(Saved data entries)

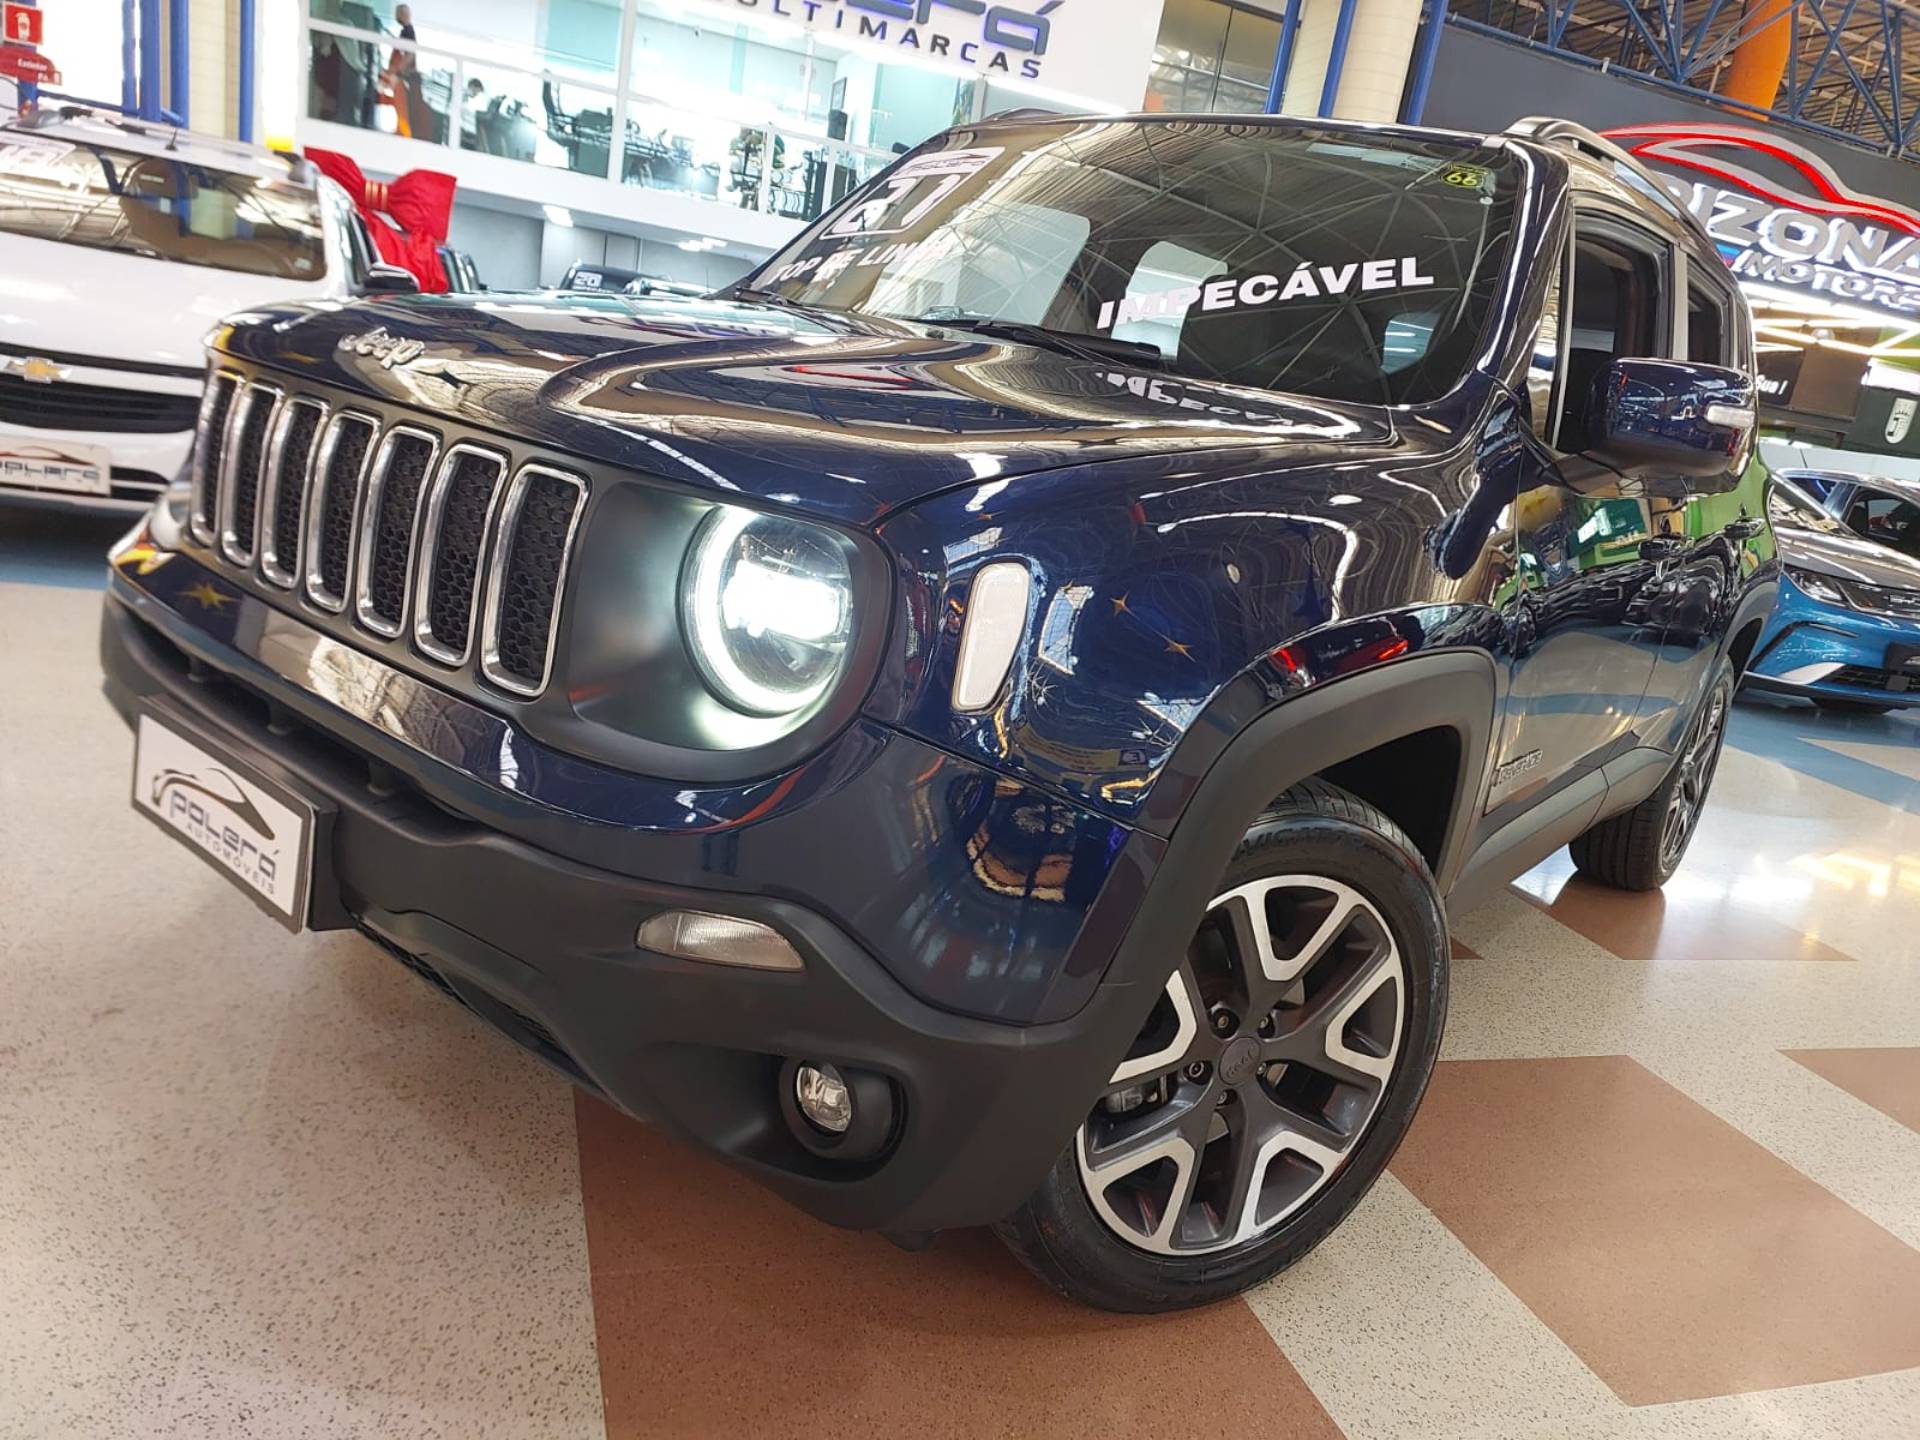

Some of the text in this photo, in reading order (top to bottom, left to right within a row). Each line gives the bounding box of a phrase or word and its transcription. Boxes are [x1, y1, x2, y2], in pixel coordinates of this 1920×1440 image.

[1446, 172, 1478, 186] 66
[768, 256, 823, 285] TOP
[1096, 256, 1435, 330] IMPECÁVEL
[337, 326, 425, 370] Jeep

Work to complete >> A word-for-word copy of the entries above is needed, with every picture dropped.

Expected output >>
Some of the text in this photo, in reading order (top to bottom, left to right within a row). Each line gives the bounding box of a phrase or word and its transcription. Boxes are [x1, y1, x2, y2], in pixel coordinates of this 1920×1440 image.

[1446, 172, 1478, 186] 66
[768, 256, 823, 285] TOP
[1096, 256, 1435, 330] IMPECÁVEL
[337, 326, 425, 370] Jeep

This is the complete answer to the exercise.